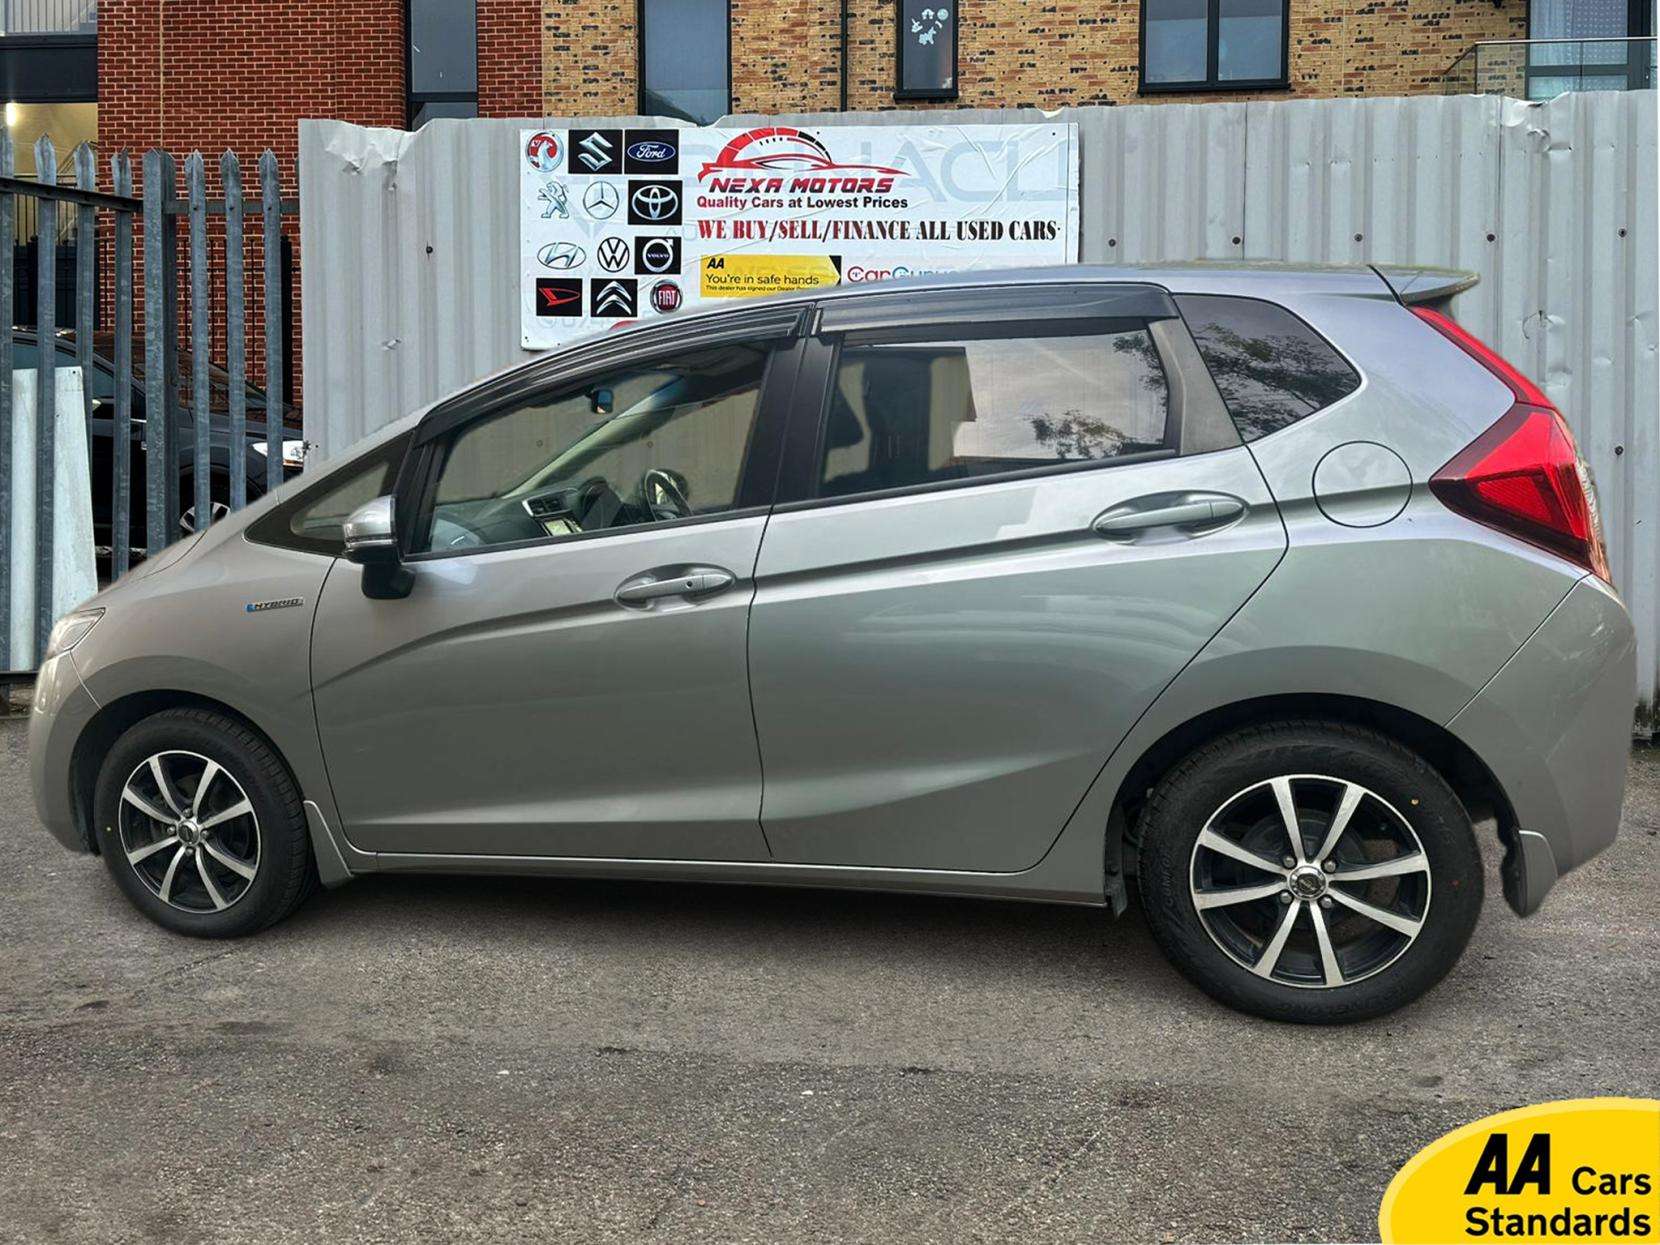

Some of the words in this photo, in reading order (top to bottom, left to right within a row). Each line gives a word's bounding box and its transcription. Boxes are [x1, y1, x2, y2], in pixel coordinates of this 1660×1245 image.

[636, 144, 666, 159] Ford
[709, 178, 784, 193] NEXA
[789, 178, 894, 193] MOTORS
[697, 195, 747, 211] Quality
[752, 196, 784, 208] Cars
[788, 197, 802, 208] at
[807, 196, 858, 208] Lowest
[863, 196, 908, 208] Prices
[697, 219, 726, 239] WE
[916, 220, 951, 240] ALL
[957, 220, 1004, 240] USED
[1009, 220, 1057, 240] CARS
[707, 258, 725, 269] AA
[705, 273, 741, 284] You're
[744, 274, 754, 284] in
[757, 273, 781, 285] safe
[784, 274, 820, 285] hands
[658, 289, 678, 306] FIAT
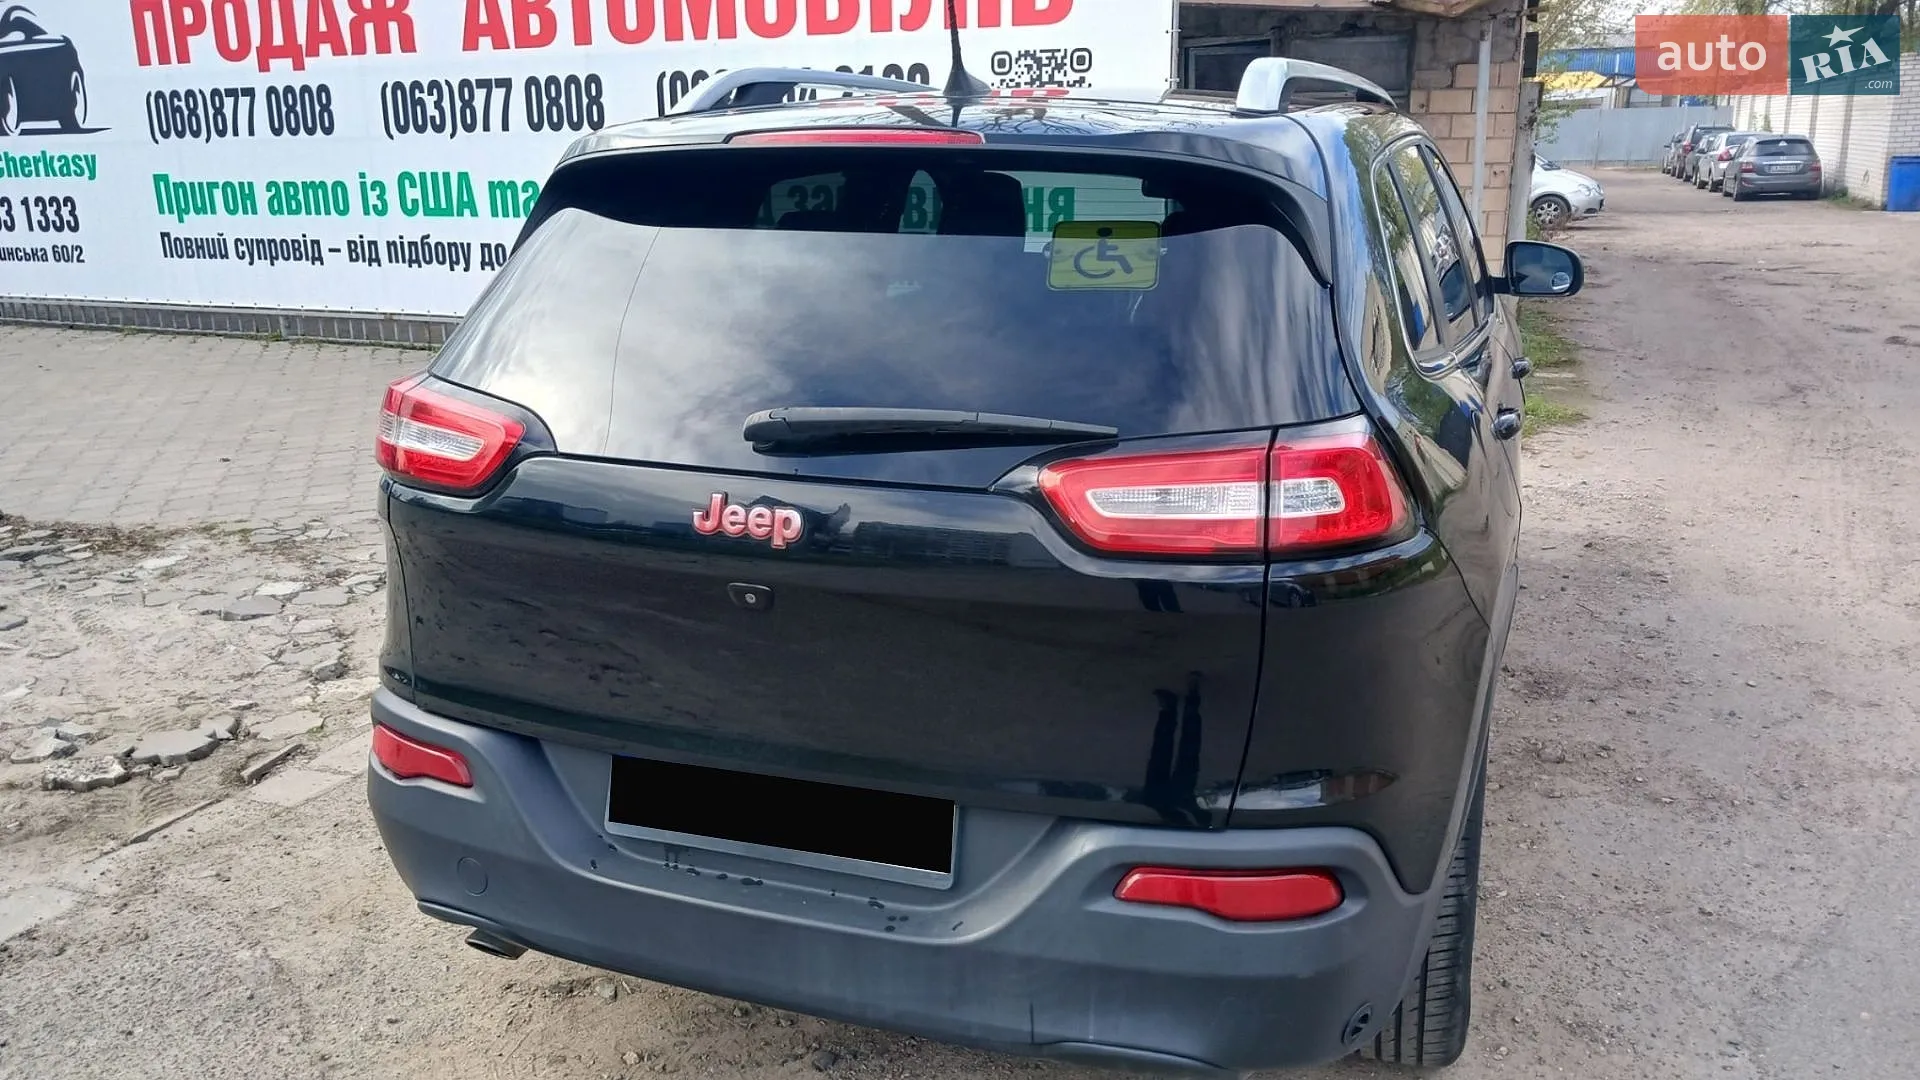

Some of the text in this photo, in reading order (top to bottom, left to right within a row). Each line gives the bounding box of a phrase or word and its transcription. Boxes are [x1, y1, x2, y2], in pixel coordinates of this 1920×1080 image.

[130, 0, 417, 72] ПРОДАЖ
[146, 83, 334, 144] (068)877 0808
[381, 77, 513, 140] (063)877
[524, 73, 605, 132] 0808
[20, 195, 80, 233] 1333
[152, 173, 258, 222] Пригон
[265, 179, 350, 216] авто
[358, 172, 388, 217] із
[397, 171, 479, 218] США
[51, 244, 85, 263] 60/2
[160, 231, 229, 260] Повний
[234, 233, 324, 266] супровід
[347, 235, 381, 268] від
[386, 235, 472, 272] підбору
[480, 243, 507, 271] до
[692, 491, 804, 549] Jeep
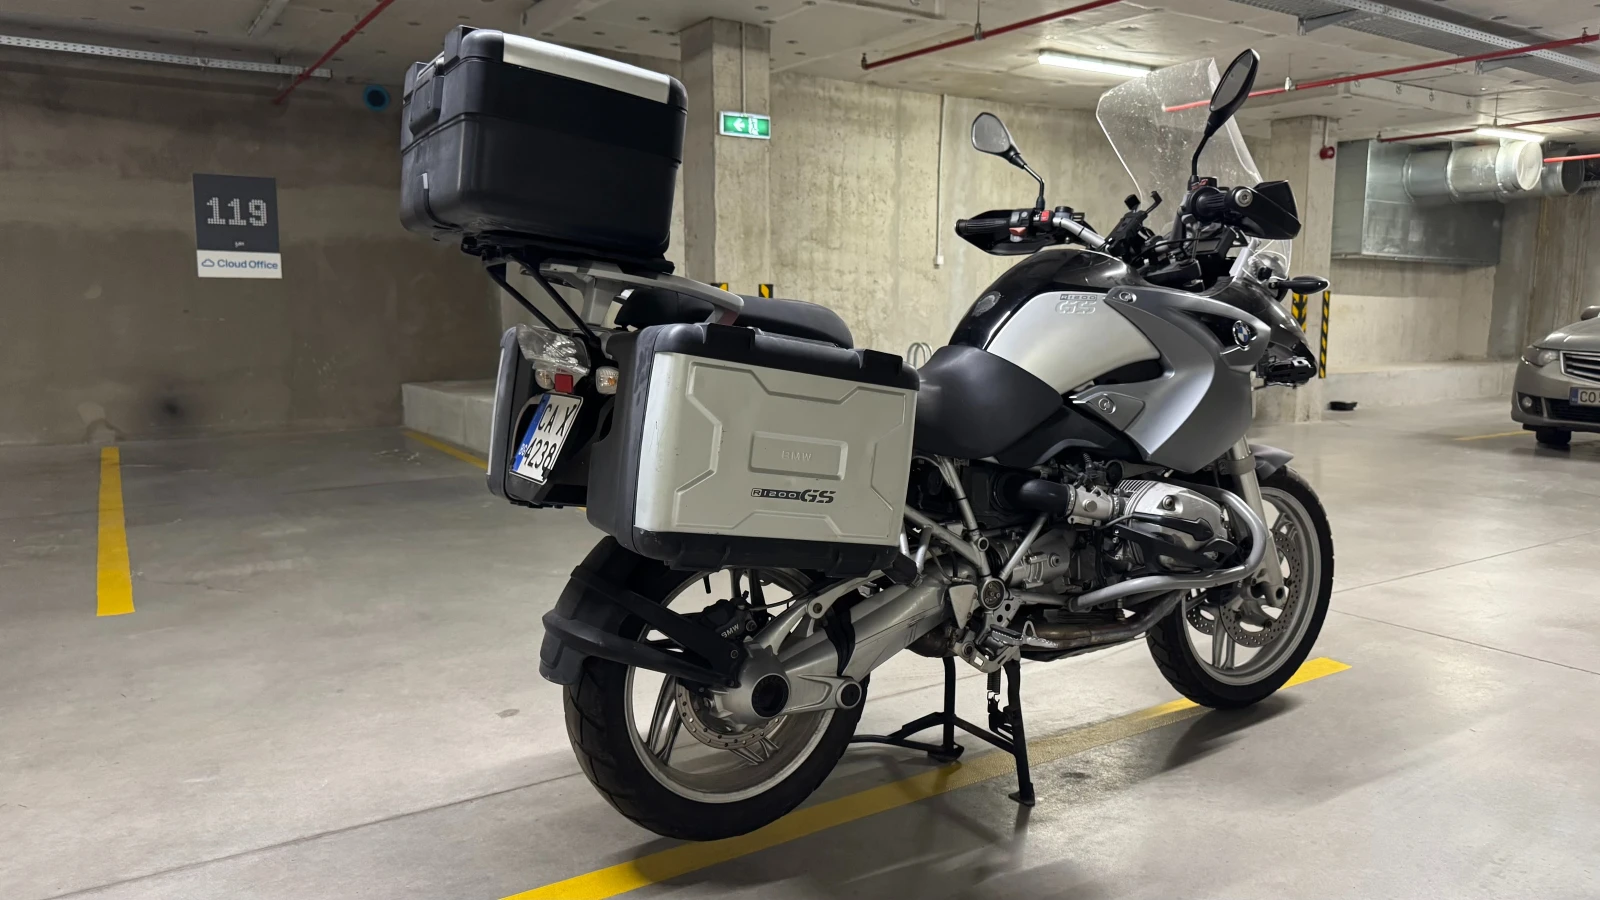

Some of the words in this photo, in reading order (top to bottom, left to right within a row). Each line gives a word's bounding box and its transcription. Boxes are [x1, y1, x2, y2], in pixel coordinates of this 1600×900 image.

## EXERCISE DESCRIPTION
A faithful copy of the data is required: each word kept, each picture omitted.

## ANSWER SPACE
Some of the words in this photo, in reading order (top to bottom, left to right within a row). Each line gives a word's bounding box and its transcription. Boxes are [x1, y1, x2, y2], in pixel coordinates of this 1660×1245 image.

[636, 144, 666, 159] Ford
[709, 178, 784, 193] NEXA
[789, 178, 894, 193] MOTORS
[697, 195, 747, 211] Quality
[752, 196, 784, 208] Cars
[788, 197, 802, 208] at
[807, 196, 858, 208] Lowest
[863, 196, 908, 208] Prices
[697, 219, 726, 239] WE
[916, 220, 951, 240] ALL
[957, 220, 1004, 240] USED
[1009, 220, 1057, 240] CARS
[707, 258, 725, 269] AA
[705, 273, 741, 284] You're
[744, 274, 754, 284] in
[757, 273, 781, 285] safe
[784, 274, 820, 285] hands
[658, 289, 678, 306] FIAT

Some of the text in this photo, in reading order (top to bottom, left to right within a row). Each line gives the bounding box of a phrase or word and its transcription. Boxes are [x1, y1, x2, y2], in pixel coordinates of this 1920×1080 image.

[130, 0, 417, 72] ПРОДАЖ
[146, 83, 334, 144] (068)877 0808
[381, 77, 513, 140] (063)877
[524, 73, 605, 132] 0808
[20, 195, 80, 233] 1333
[152, 173, 258, 222] Пригон
[265, 179, 350, 216] авто
[358, 172, 388, 217] із
[397, 171, 479, 218] США
[51, 244, 85, 263] 60/2
[160, 231, 229, 260] Повний
[234, 233, 324, 266] супровід
[347, 235, 381, 268] від
[386, 235, 472, 272] підбору
[480, 243, 507, 271] до
[692, 491, 804, 549] Jeep

Some of the words in this photo, in reading order (top to bottom, left to right within a row). Each line gives a word's bounding box and its transcription. Boxes are [x1, y1, x2, y2], in pixel coordinates of this 1600×900 image.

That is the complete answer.